• **Data to examine**:

——————

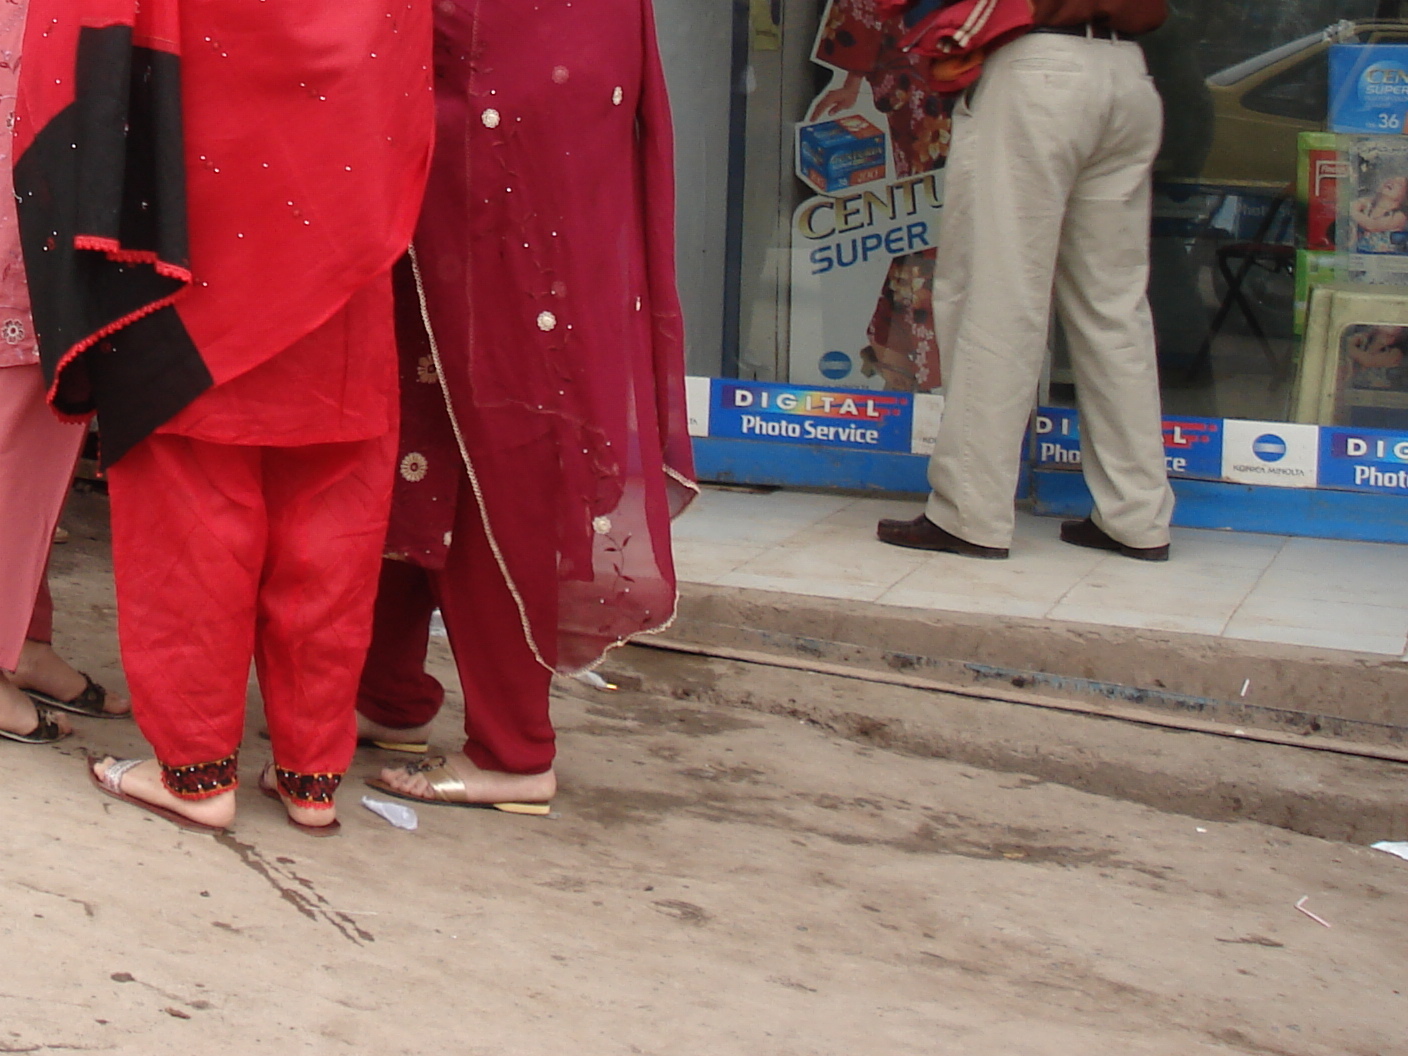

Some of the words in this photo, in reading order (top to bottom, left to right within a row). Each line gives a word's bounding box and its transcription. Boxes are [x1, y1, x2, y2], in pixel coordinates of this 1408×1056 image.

[1378, 113, 1400, 129] 36
[811, 220, 930, 276] SUPER
[734, 389, 880, 418] DIGITAL
[742, 415, 801, 439] Photo
[803, 420, 879, 445] Service

——————

• **Task instructions**:
Write every entry out again exactly, dropping the pictures.

• **The answer**:
Some of the words in this photo, in reading order (top to bottom, left to right within a row). Each line gives a word's bounding box and its transcription. Boxes are [x1, y1, x2, y2], in pixel coordinates of this 1408×1056 image.

[1378, 113, 1400, 129] 36
[811, 220, 930, 276] SUPER
[734, 389, 880, 418] DIGITAL
[742, 415, 801, 439] Photo
[803, 420, 879, 445] Service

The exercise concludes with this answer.